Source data
----

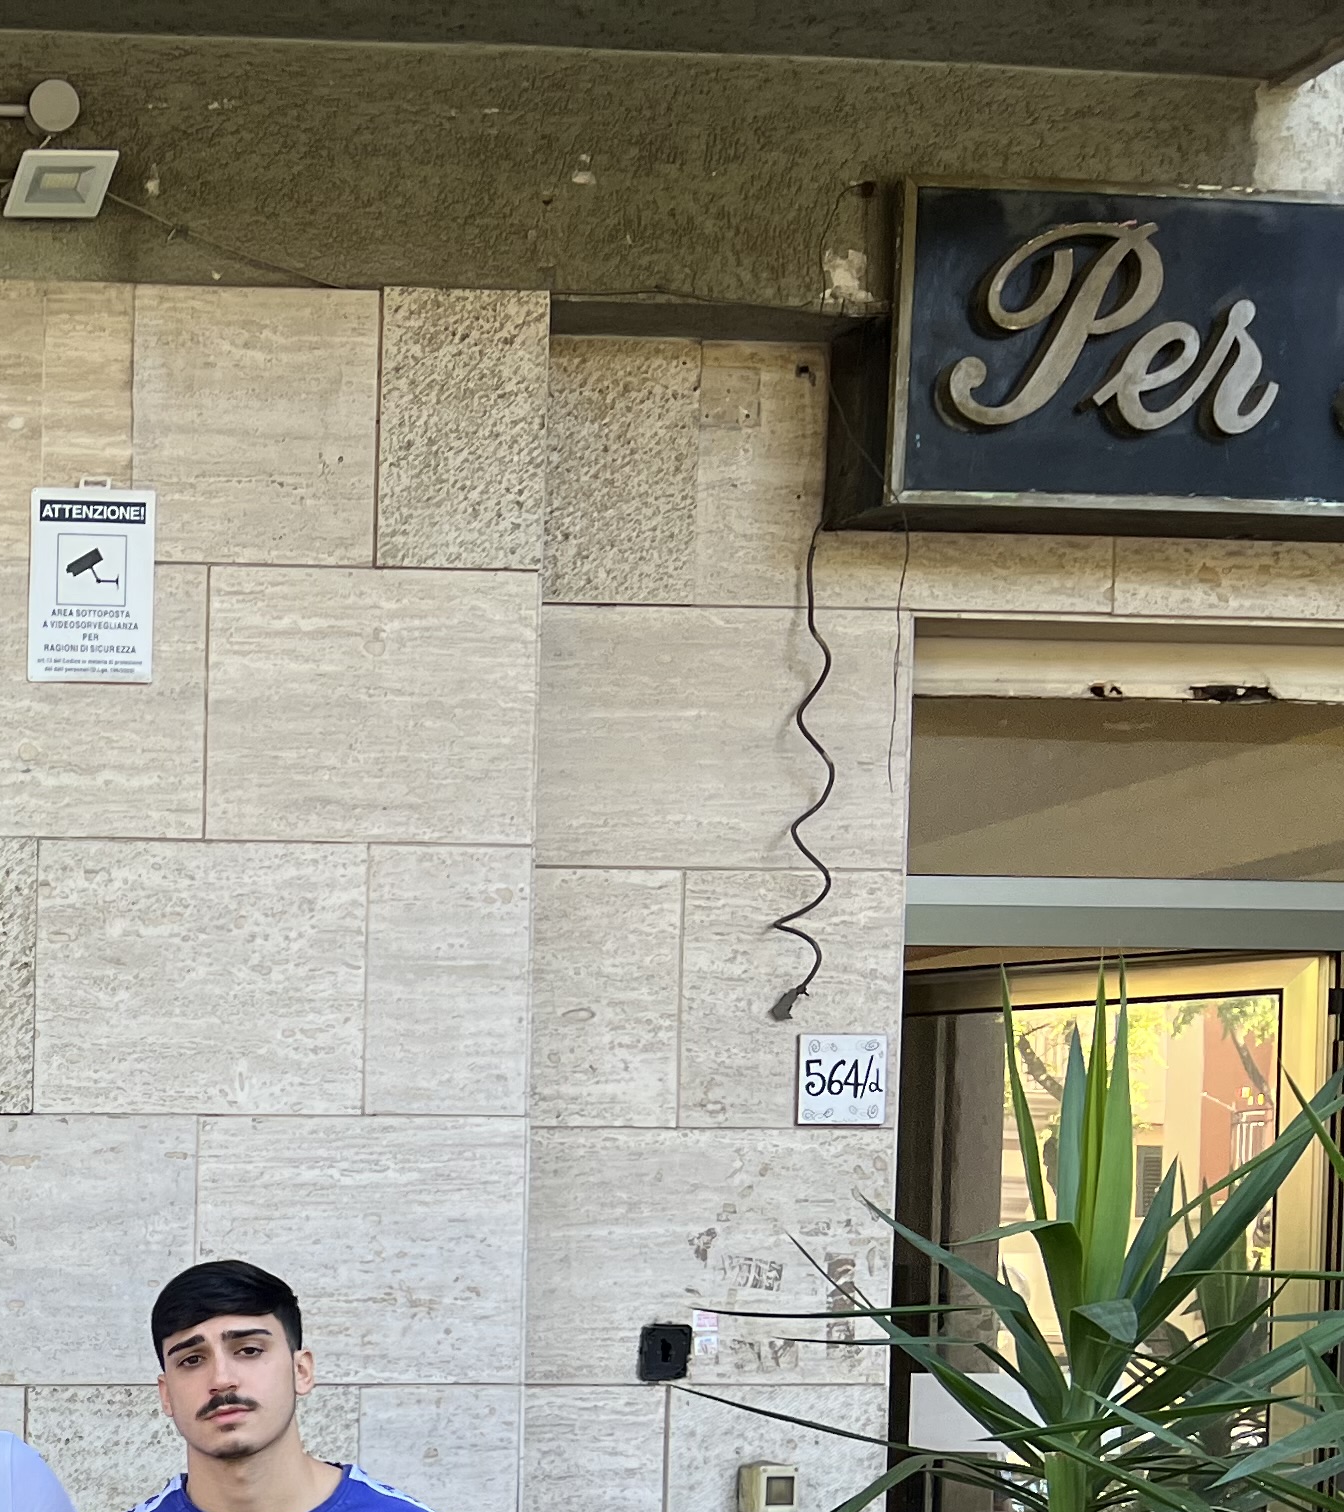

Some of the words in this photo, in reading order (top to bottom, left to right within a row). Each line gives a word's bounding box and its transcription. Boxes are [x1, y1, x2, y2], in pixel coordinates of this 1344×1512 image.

[949, 221, 1280, 435] Per
[41, 504, 145, 521] ATTENZIONE!
[51, 608, 74, 617] AREA
[75, 609, 130, 618] SOTTOPOSTA
[42, 620, 48, 628] A
[50, 621, 139, 630] VIDEOSORVEGLIANZA
[82, 633, 99, 641] PER
[43, 644, 79, 652] RAGIONI
[80, 645, 89, 653] DI
[90, 645, 136, 654] SICUREZZA

----

Exercise goal: Leave out every picture and transcribe the remaining entries exactly.

Result of this task:
Some of the words in this photo, in reading order (top to bottom, left to right within a row). Each line gives a word's bounding box and its transcription. Boxes are [x1, y1, x2, y2], in pixel coordinates of this 1344×1512 image.

[949, 221, 1280, 435] Per
[41, 504, 145, 521] ATTENZIONE!
[51, 608, 74, 617] AREA
[75, 609, 130, 618] SOTTOPOSTA
[42, 620, 48, 628] A
[50, 621, 139, 630] VIDEOSORVEGLIANZA
[82, 633, 99, 641] PER
[43, 644, 79, 652] RAGIONI
[80, 645, 89, 653] DI
[90, 645, 136, 654] SICUREZZA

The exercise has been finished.